Investigation of the mechanism of the interaction of tubulin with derivatives of 2-styrylquinazolin-4(3H)-one.

A new class of antimitotic agents, derivatives of 2-styrylquinazolin-4(3H)-one (SQZ), was recently described [J. Med. Chem. 33:1721-1728 (1990)]. Because they appeared to interact at a new ligand binding site on tubulin, we attempted to determine their mechanism of action as inhibitors of tubulin polymerization. Although in initial studies inhibition of colchicine binding was negligible, substantial and competitive inhibition of this reaction could be demonstrated with very short incubation times (less than 5 min), provided that a relatively low colchicine to tubulin ratio was used. The initial apparent failure to inhibit colchicine binding resulted from extremely rapid binding to tubulin and dissociation from tubulin by the SQZ derivatives, in comparison with the slow, temperature-dependent, poorly reversible binding of colchicine. The most inhibitory of the SQZ derivatives in the colchicine binding assay was 6-methyl-2-styrylquinazolin-4(3H)-one (NSC 379310), and its interaction with tubulin, particularly as an inhibitor of colchicine binding, was compared with that of 2-methoxy-5-(2',3',4'-trimethoxyphenyl)tropone (MTPT), because the binding parameters of MTPT with tubulin have been well described.

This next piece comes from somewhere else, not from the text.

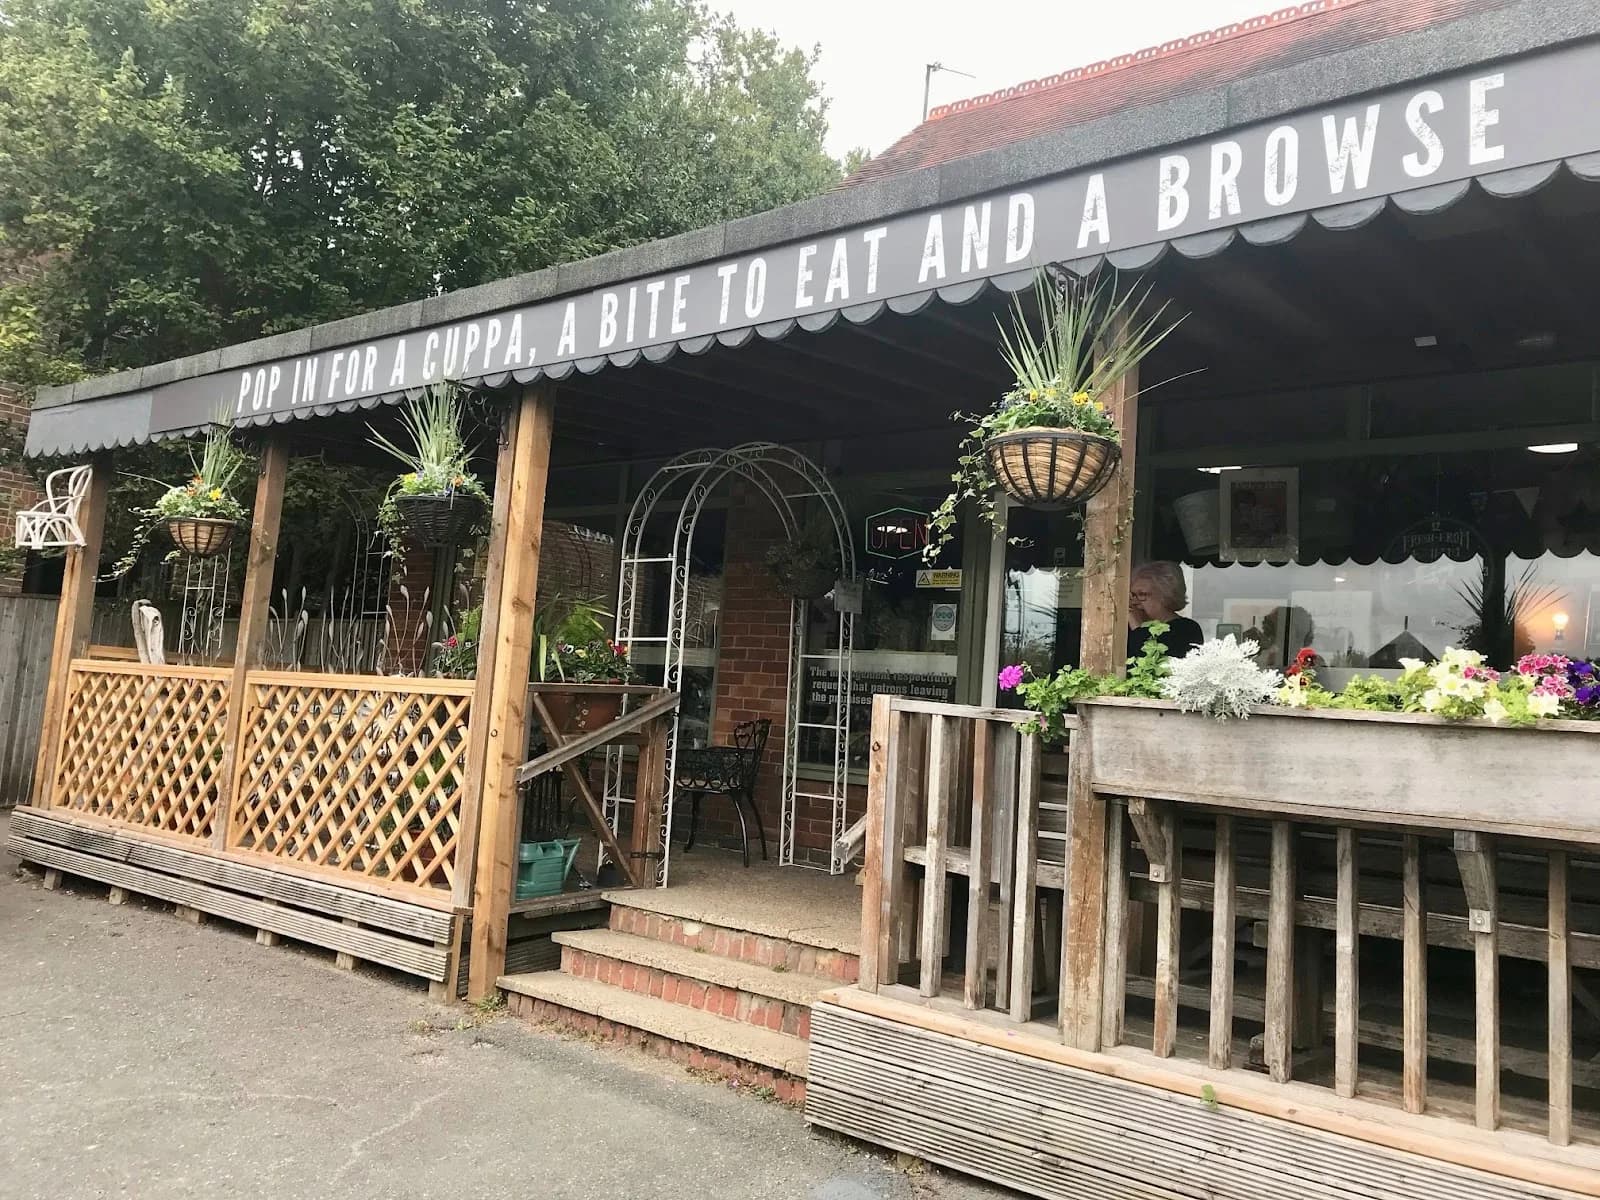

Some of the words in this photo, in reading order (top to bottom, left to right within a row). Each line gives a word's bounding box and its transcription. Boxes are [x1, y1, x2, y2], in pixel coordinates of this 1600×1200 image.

The data indicate that NSC 379310 binds to tubulin and dissociates from the protein about 3 times as rapidly as MTPT. The other SQZ derivatives with equal or greater potency as inhibitors of tubulin polymerization but apparently less potency as inhibitors of colchicine binding presumably bind to and/or dissociate from tubulin even more rapidly than does NSC 379310.